L’ipotesi più suggestiva e finora l’unica supportata da conferme scientifiche e basi logiche  di fisiologia umana è invece quella che mette in relazione l’idrope con l’ormone antidiuretico (ADH, vasopressina, adiuretina). Nonostante la conferma, certa ormai da diversi anni (Beitz E. 1999 e numerose altre pubblicazioni) della presenza nell’orecchio interno di recettori specifici per l’ADH e di aquaporine, (canali proteici che modificherebbero la loro permeabilità in risposta all’interazione tra l’ADH ed i suoi recettori), e l’efficacia dimostrata da terapie specifiche che riducono indirettamente la produzione di ormone antidiuretico, l’esatto meccanismo che porterebbe all’idrope o all’insorgenza dei non è però ancora noto ed è probabile che questo risulti da più fattori associati quali ad esempio una ipersensensibilità all’azione dell’ADH e/o condizioni anatomiche favorenti, quali un ridotto riassorbimento a livello del sacco endolinfatico. Ormai accertato invece è il ruolo dello stress, come fattore favorente e di mantenimento o ricorrenza dei sintomi ed è certo che l’ormone antidiuretico è uno dei principali ormoni da stress del nostro organismo.
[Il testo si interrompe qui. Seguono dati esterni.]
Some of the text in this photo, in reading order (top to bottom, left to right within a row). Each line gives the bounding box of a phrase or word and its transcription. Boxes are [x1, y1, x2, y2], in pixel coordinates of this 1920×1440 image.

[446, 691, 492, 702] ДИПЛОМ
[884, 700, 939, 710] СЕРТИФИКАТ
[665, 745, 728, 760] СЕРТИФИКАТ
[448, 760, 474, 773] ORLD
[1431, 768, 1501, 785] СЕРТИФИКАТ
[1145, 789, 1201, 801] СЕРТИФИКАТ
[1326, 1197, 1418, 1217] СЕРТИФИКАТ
Una possibile spiegazione è che picchi non costanti di ADH (ormone sensibile soprattutto alla osmolarità plasmatica, ovvero alla carenza di liquidi, e allo stress, non solo psicogeno, ma anche di natura climatica o legata  ad altri fattori) determinerebbero una aumentata produzione a poussées di endolinfa nell’orecchio interno.  Quando la capacità di smaltimento e riassorbimento dell’eccesso dei liquidi si mantiene nella norma potrebbero comparire sintomi sporadici e occasionali, o  anche nessun sintomo, mentre la presenza di ostacoli al riassorbimento dei liquidi associati ad aumentata produzione potrebbero portare a disturbi più frequenti o duraturi o addirittura a disturbi stazionari.
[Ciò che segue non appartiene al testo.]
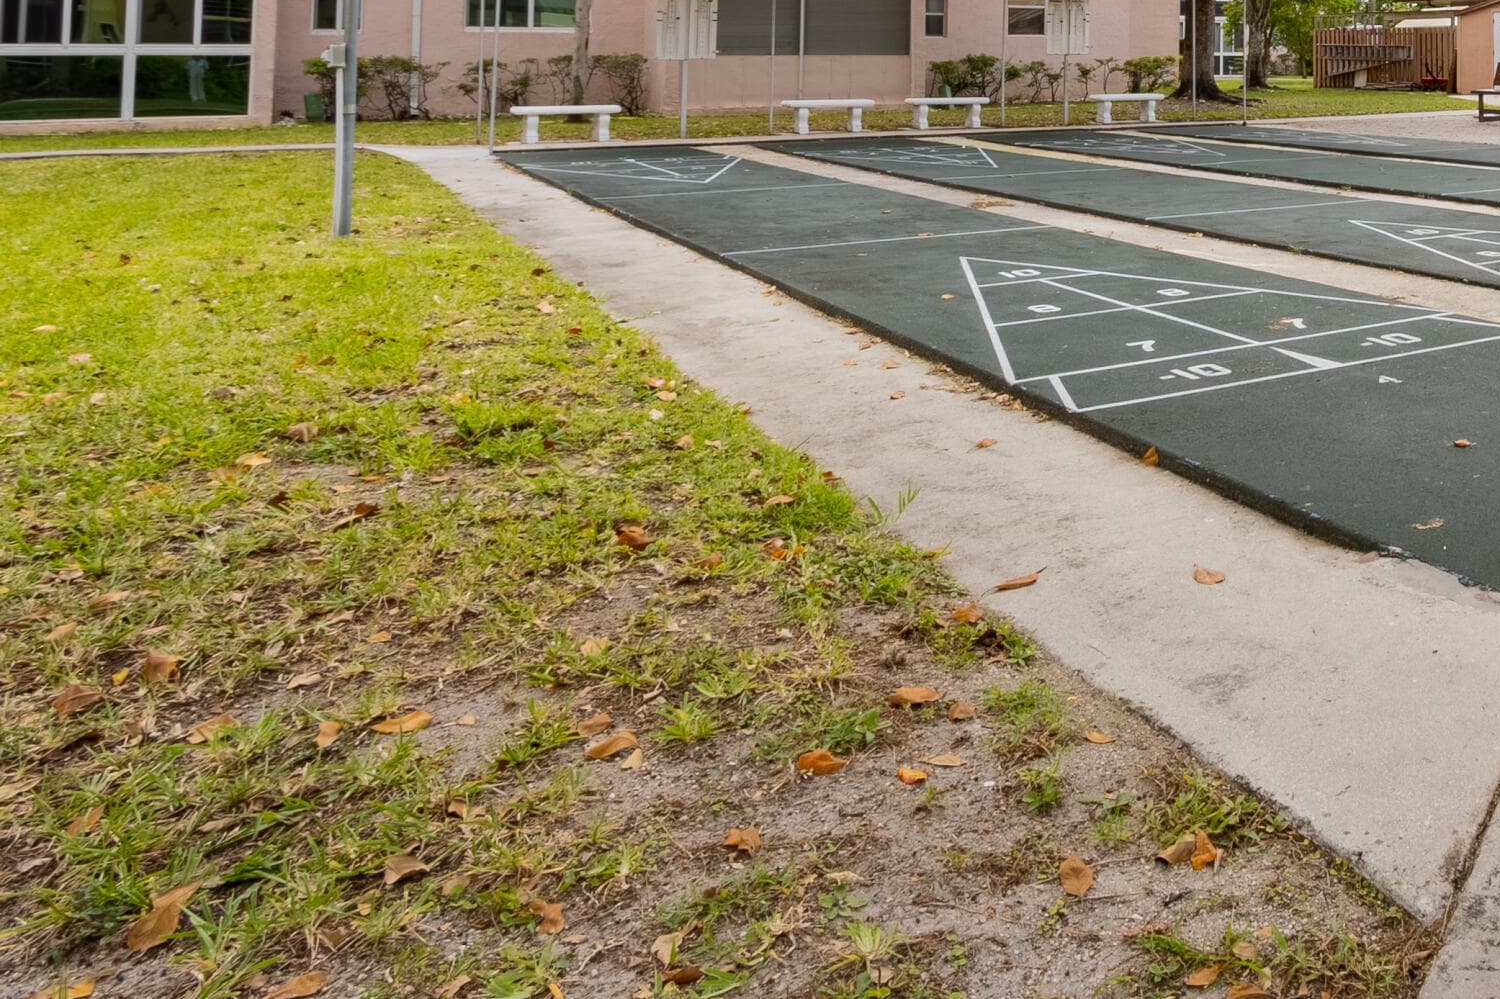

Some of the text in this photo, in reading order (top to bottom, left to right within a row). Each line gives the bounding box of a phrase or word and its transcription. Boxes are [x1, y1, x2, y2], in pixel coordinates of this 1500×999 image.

[998, 268, 1042, 279] 10
[1125, 340, 1156, 352] 7
[1159, 363, 1232, 380] -10
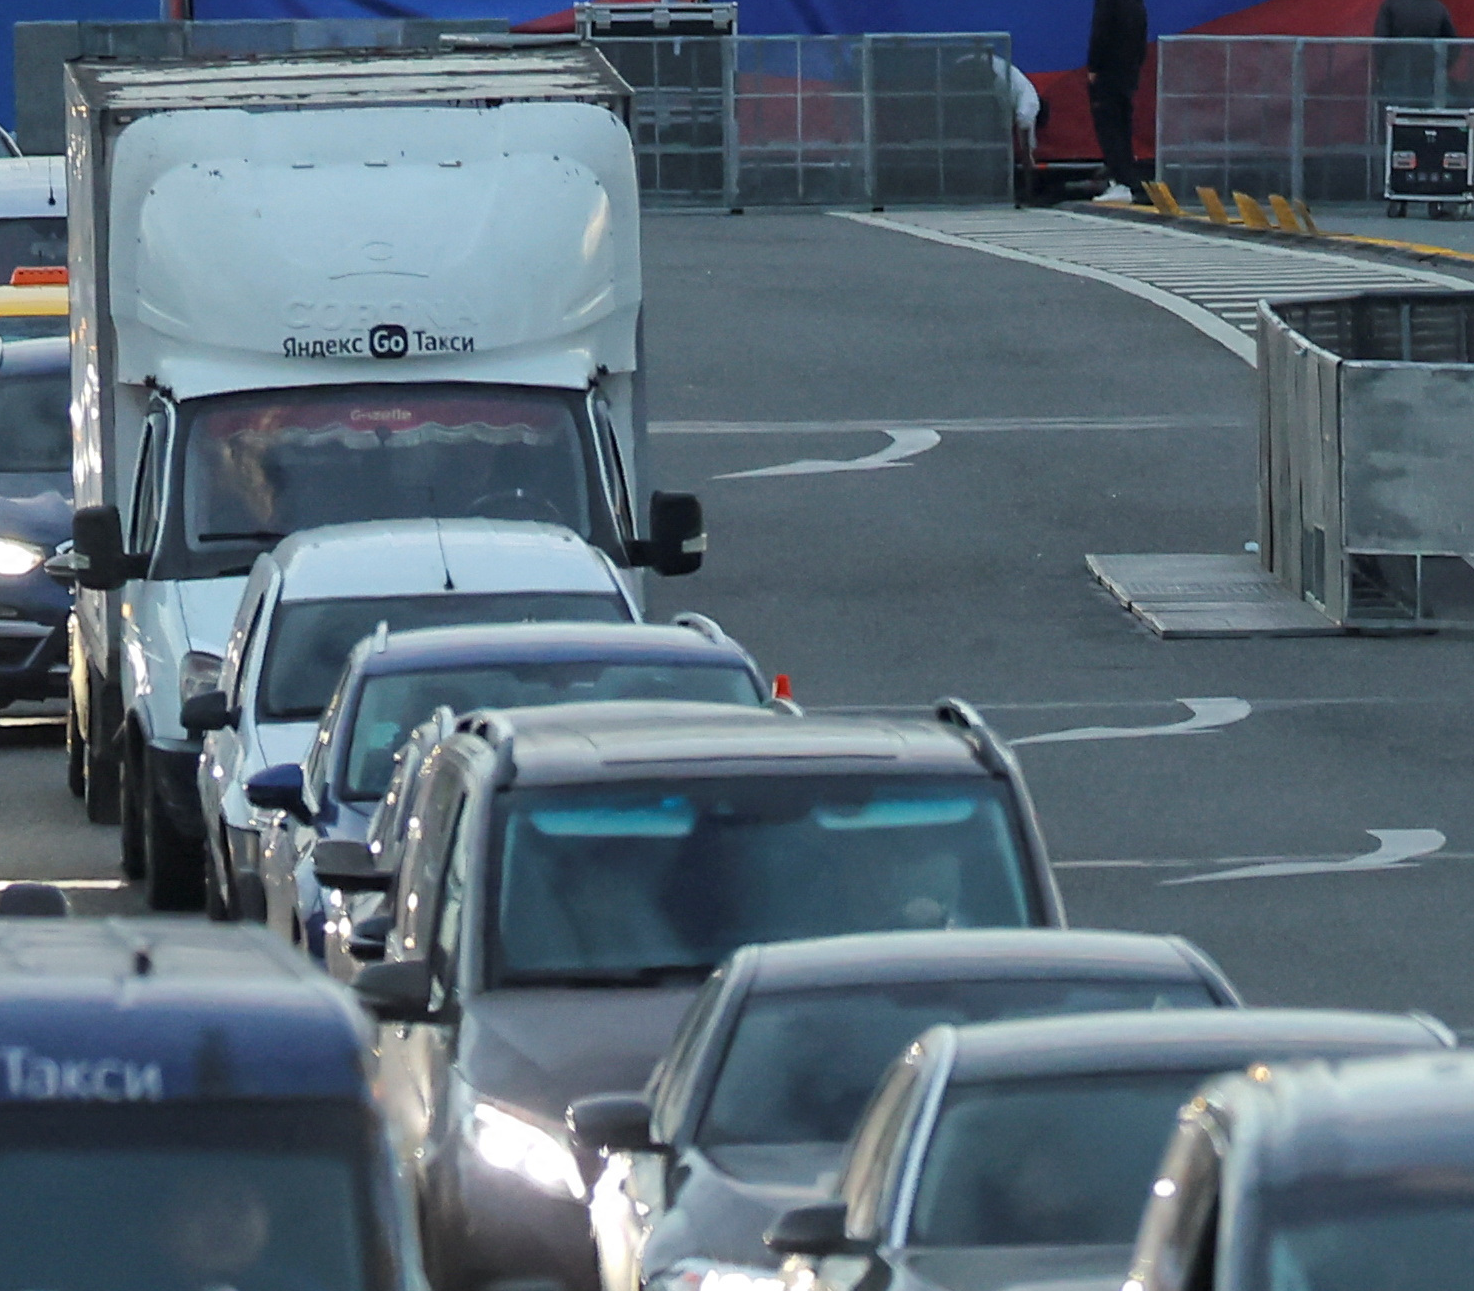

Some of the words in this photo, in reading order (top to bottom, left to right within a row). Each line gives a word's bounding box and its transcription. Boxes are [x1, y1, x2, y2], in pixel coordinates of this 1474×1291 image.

[283, 337, 363, 358] Яндекс
[373, 329, 407, 355] Go
[413, 330, 475, 353] Такси
Sulla base di questa teoria sono stati ideati trattamenti contro l’idrope che prevedono l’inibizione del rilascio dell’ormone antidiuretico mediante iperidratazione con una assunzione giornaliera di liquidi superiori alle normali esigenze medie dell’organismo e neurofarmaci per bloccare l’azione dello stress sul rilascio dell’ormone. Il trattamento specifico da solo o in associazione con altri trattamenti, quali l’impiego di cortisonici in grado di regolare le aquaporine, o l’uso di diuretici osmotici (mannitolo) per via endovenosa associato a una notevole iperidratazione, o dieta alimentare per favorire la distribuzione della acqua libera e aumentare il carico idrico disponibile per bloccare l’ADH si è rivelato di notevole efficacia su un numero elevato di pazienti. Ma questa terapia anti-idrope diretta al controllo dell’ADH è attualmente proposta esclusivamente da un solo medico, autore del presente testo.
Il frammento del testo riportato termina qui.